Severn Trent to invest millions in Newark’s sewers
15 February 2016
Plans are still in the early stages and the work won’t start until later this year, but it’s expected that more than 20 kilometres of old pipes will be replaced with new, larger ones, over the next three years.
Tim Sawyer from Severn Trent Water, explains: “Sewer flooding is one of the worst things that can happen to our customers, and we know that there are around 400 properties in Newark that are at risk of sewer flooding, so we’re making this investment in to help prevent it. The sewer pipes in the town are just not big enough and, with the changing weather patterns, we’re seeing more rain than we’re used to and the original pipes are now too small to cope with it. They’ve also grown old – some are more than 100 years old - and it’s important we act now to make sure they’ll be in good working order for years to come to prevent any issues in the future.
"This is a big project for us – it’s the largest investment we’ve made in a project to replace sewers in one area for many years - and it’s important that we get it right for our customers. So at the moment we’re carrying out extensive investigations and surveys in the local area, as well as working closely with the highways department at Nottinghamshire County Council. This should help us to plan the work efficiently with as little disruption as possible.”
We'll be using specialised tunnelling machinery to replace the sewers.
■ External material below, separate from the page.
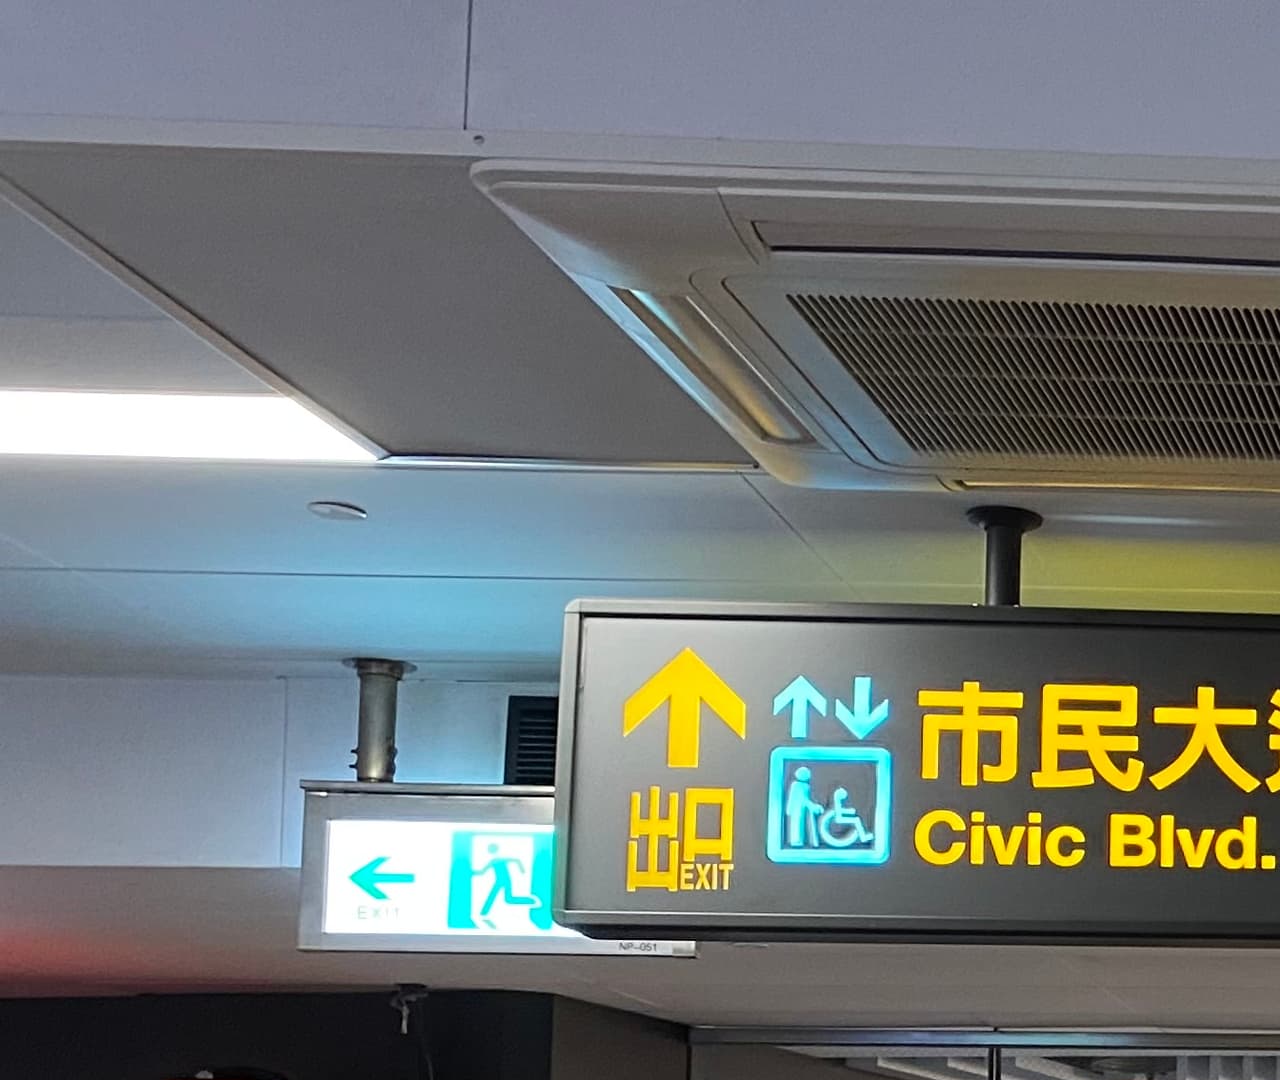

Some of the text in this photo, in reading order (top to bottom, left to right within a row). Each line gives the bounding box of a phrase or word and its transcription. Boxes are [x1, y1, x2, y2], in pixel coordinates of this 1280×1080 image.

[626, 785, 736, 893] 出口
[914, 810, 1278, 870] Civic Blvd.
[680, 862, 735, 892] EXIT
The tunnels, which are large enough to drive a transit van through them, will reduce the number of roads it has to dig up to install the sewers.
Tim explains: “By tunnelling underground we will reduce the impact our work has on local residents, businesses and traffic. We’re in the process of appointing a contract partner to carry out the work on our behalf, and as soon as we have them in place we’ll be able to finalise our plans. We understand that a project of this size is likely to cause quite a bit of disruption for the people of Newark, but we want to assure everyone that we will be doing all we can to reduce the impact our work has on the local community."
While at the meeting, we also confirmed that we would be replacing water pipes while working in the area. Tim added: “Once we have more information, we’ll set up a series of drop in sessions for people to learn more about the work, and hopefully everyone will see that any negative side effects should be outweighed by the long-term benefits of preventing sewer flooding.”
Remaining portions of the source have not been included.